## Problem to solve
Copy the entries that follow, exactly and completely.

======== Input ========

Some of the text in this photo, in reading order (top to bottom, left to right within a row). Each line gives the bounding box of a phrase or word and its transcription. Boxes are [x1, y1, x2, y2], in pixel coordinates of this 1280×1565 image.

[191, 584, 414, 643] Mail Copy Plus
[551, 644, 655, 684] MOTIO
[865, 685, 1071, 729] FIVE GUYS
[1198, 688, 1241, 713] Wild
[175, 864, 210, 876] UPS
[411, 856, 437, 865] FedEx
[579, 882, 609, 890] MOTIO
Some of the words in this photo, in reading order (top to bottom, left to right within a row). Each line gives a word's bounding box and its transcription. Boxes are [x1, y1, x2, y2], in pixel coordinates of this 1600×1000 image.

========

## Task result
Some of the text in this photo, in reading order (top to bottom, left to right within a row). Each line gives the bounding box of a phrase or word and its transcription. Boxes are [x1, y1, x2, y2], in pixel coordinates of this 1280×1565 image.

[191, 584, 414, 643] Mail Copy Plus
[551, 644, 655, 684] MOTIO
[865, 685, 1071, 729] FIVE GUYS
[1198, 688, 1241, 713] Wild
[175, 864, 210, 876] UPS
[411, 856, 437, 865] FedEx
[579, 882, 609, 890] MOTIO
Some of the words in this photo, in reading order (top to bottom, left to right within a row). Each line gives a word's bounding box and its transcription. Boxes are [x1, y1, x2, y2], in pixel coordinates of this 1600×1000 image.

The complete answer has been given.